• _ABOUT THIS EXERCISE_
Exact copy, no pictures: reproduce every record below as it stands.

• _DATA SHOWN_

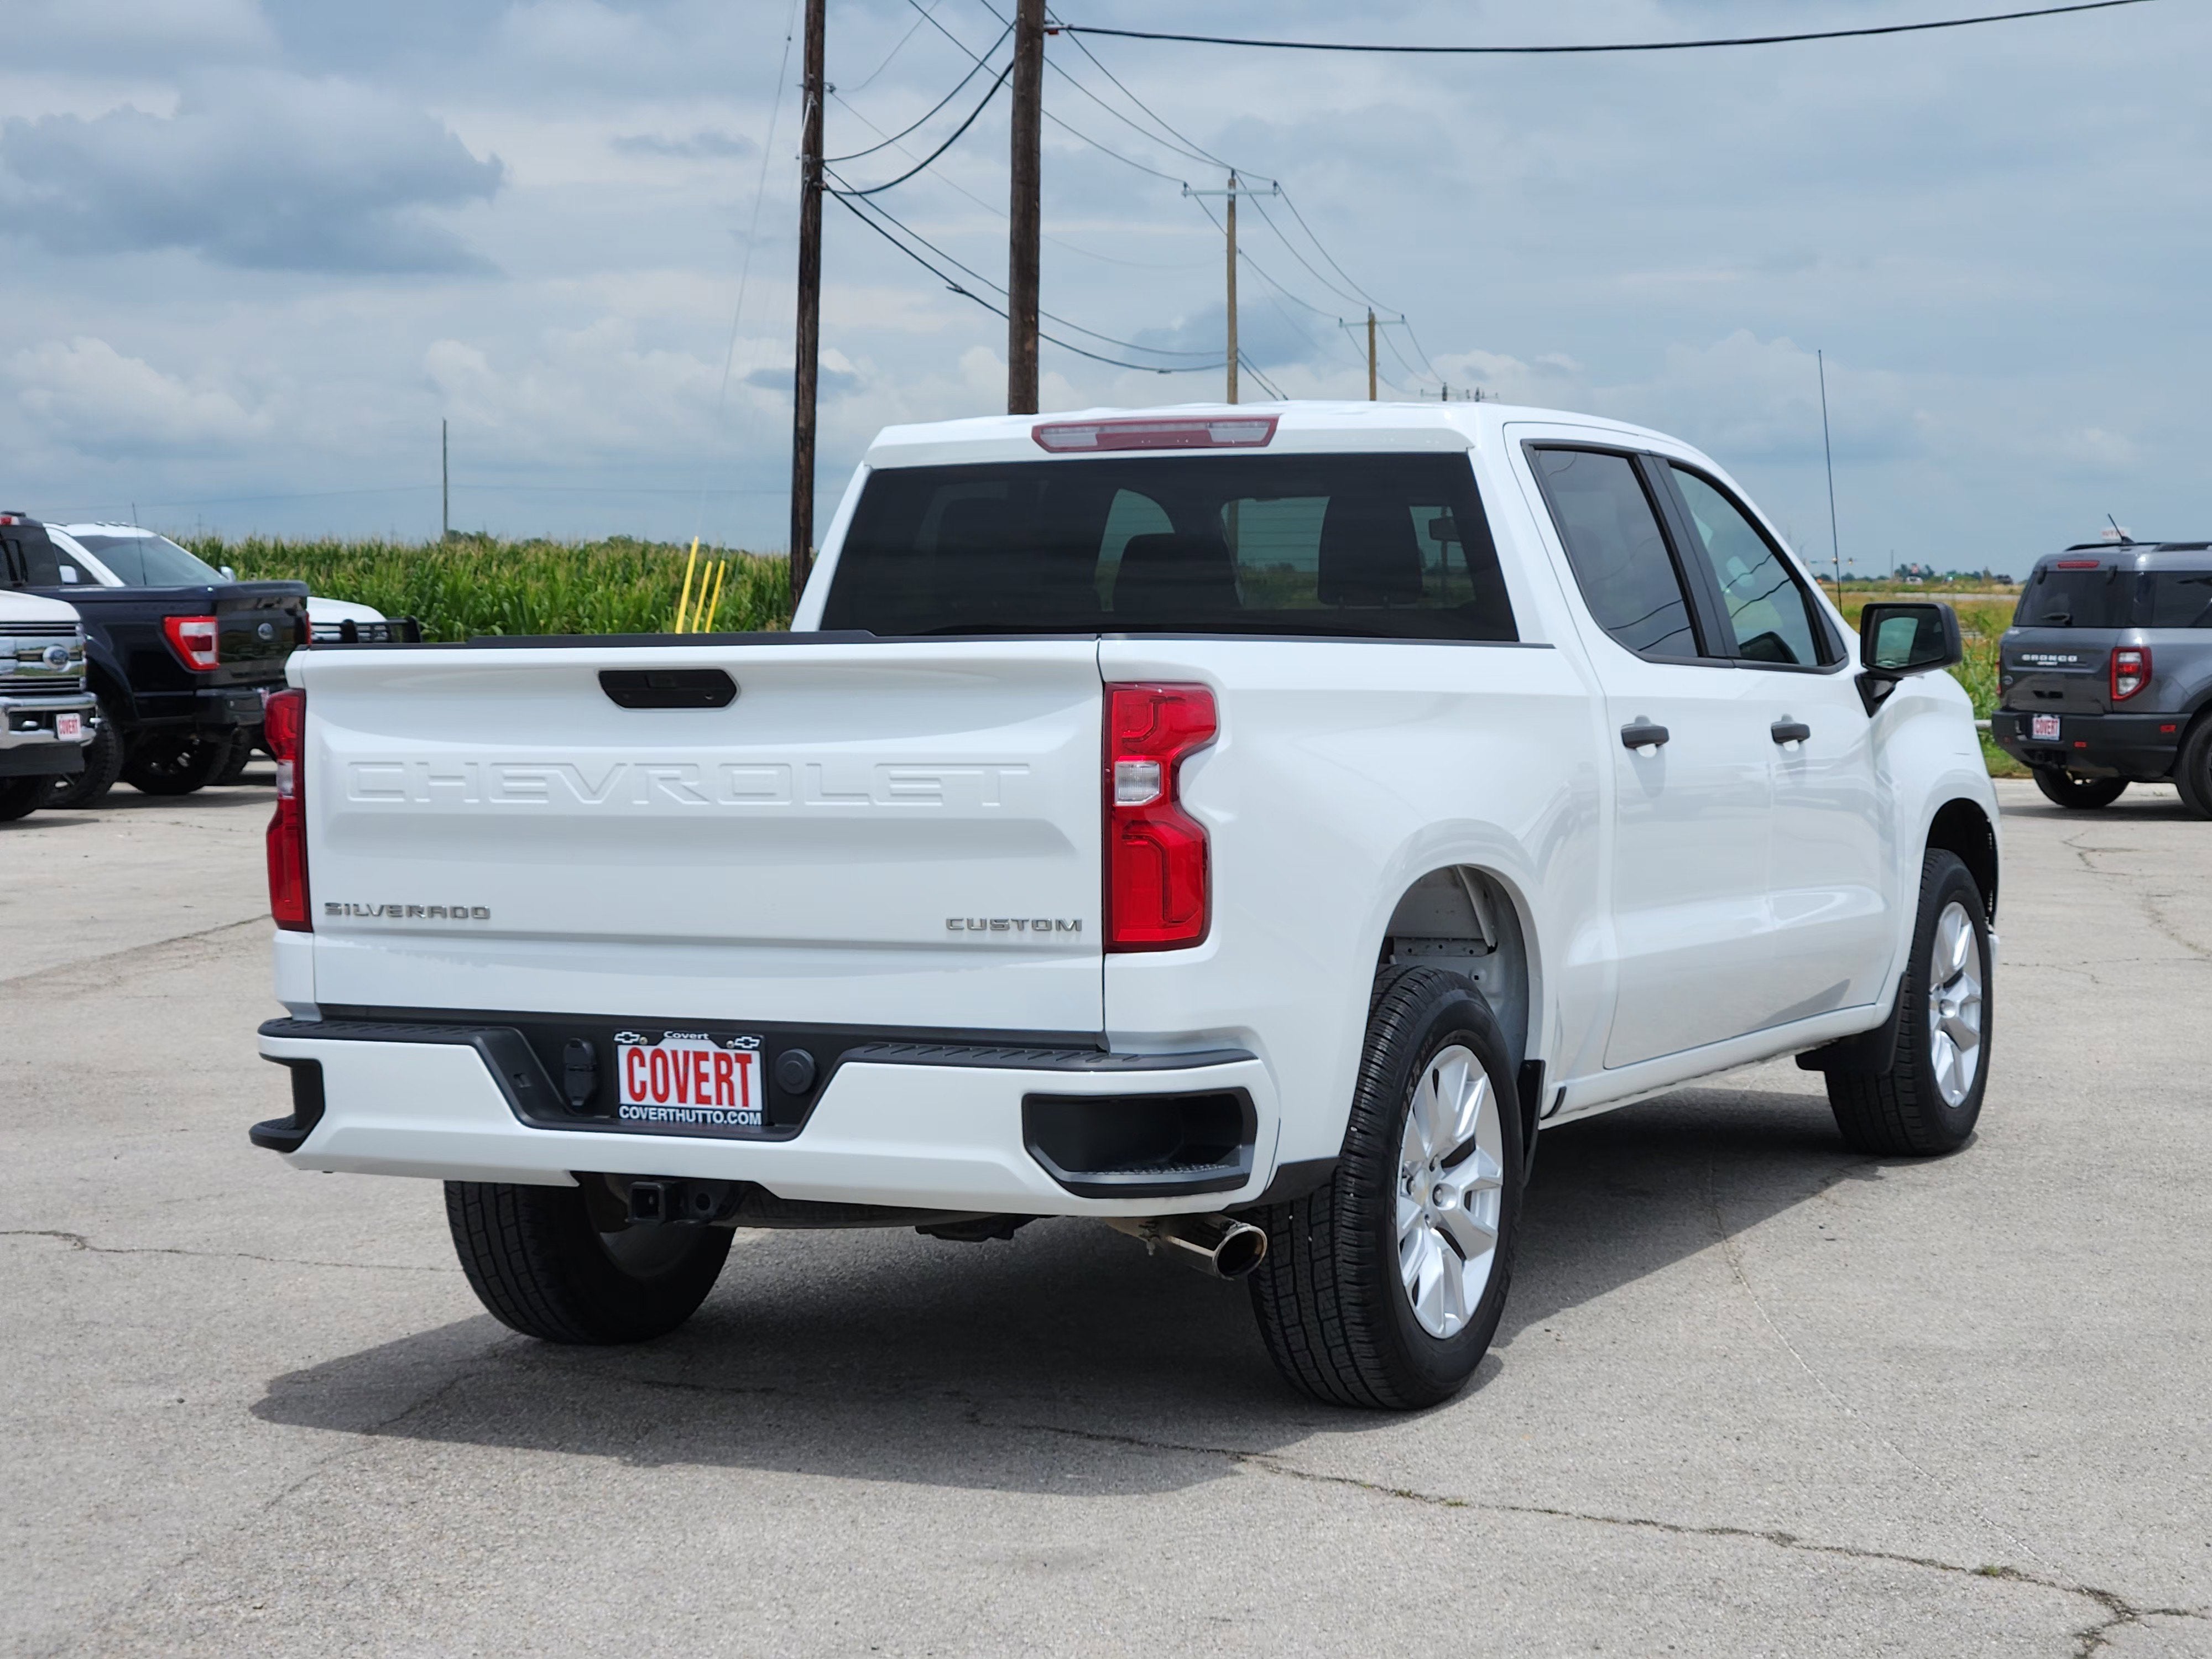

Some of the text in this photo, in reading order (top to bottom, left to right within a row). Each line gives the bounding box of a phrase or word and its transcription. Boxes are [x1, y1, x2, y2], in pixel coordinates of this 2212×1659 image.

[59, 719, 78, 734] COVERT
[2036, 719, 2058, 734] COVERT
[348, 761, 1030, 807] CHEVROLET
[324, 902, 491, 919] SILVERADO
[946, 918, 1082, 932] CUSTOM
[664, 1030, 709, 1040] Covert
[627, 1047, 753, 1108] COVERT
[619, 1105, 762, 1125] COVERTHUTTO.COM
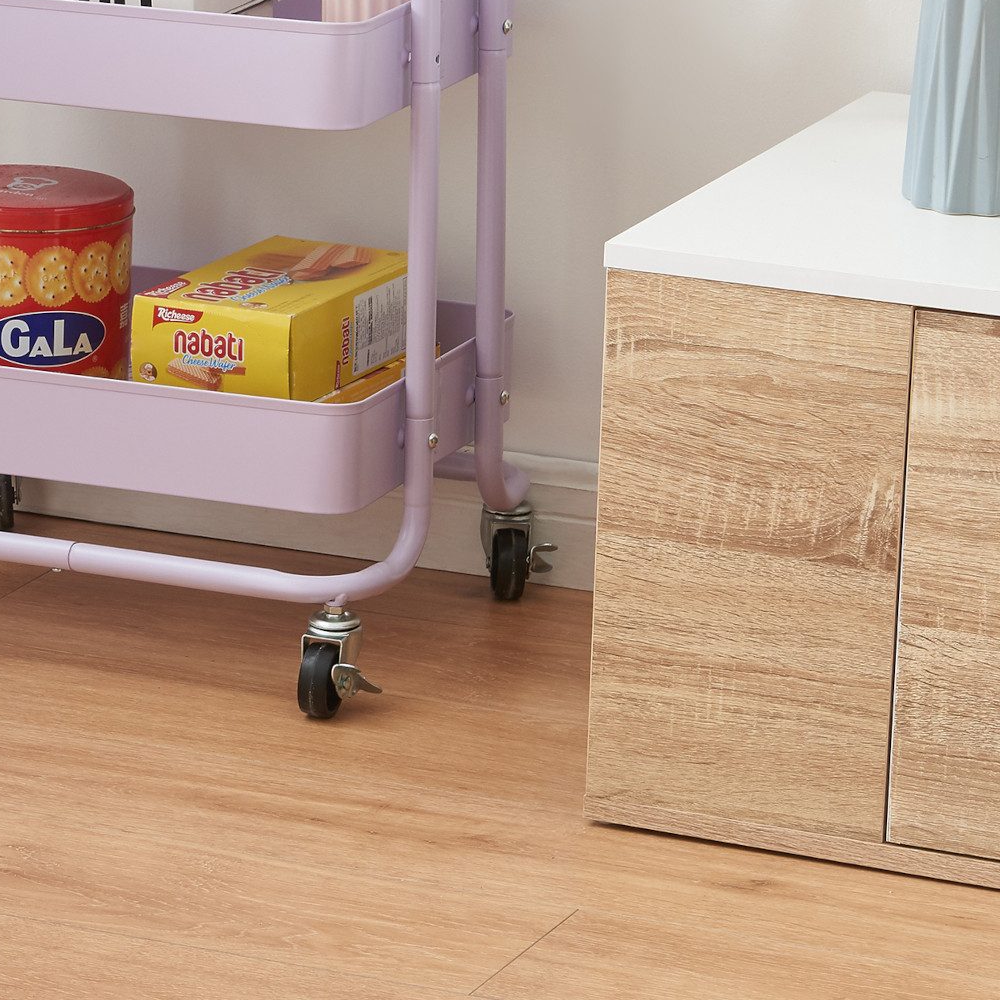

• _ANSWER BELOW_
Some of the text in this photo, in reading order (top to bottom, left to right within a row). Each line gives the bounding box of a phrase or word and its transcription. Boxes are [x1, y1, x2, y2], in pixel coordinates of this 2212×1659 image.

[59, 719, 78, 734] COVERT
[2036, 719, 2058, 734] COVERT
[348, 761, 1030, 807] CHEVROLET
[324, 902, 491, 919] SILVERADO
[946, 918, 1082, 932] CUSTOM
[664, 1030, 709, 1040] Covert
[627, 1047, 753, 1108] COVERT
[619, 1105, 762, 1125] COVERTHUTTO.COM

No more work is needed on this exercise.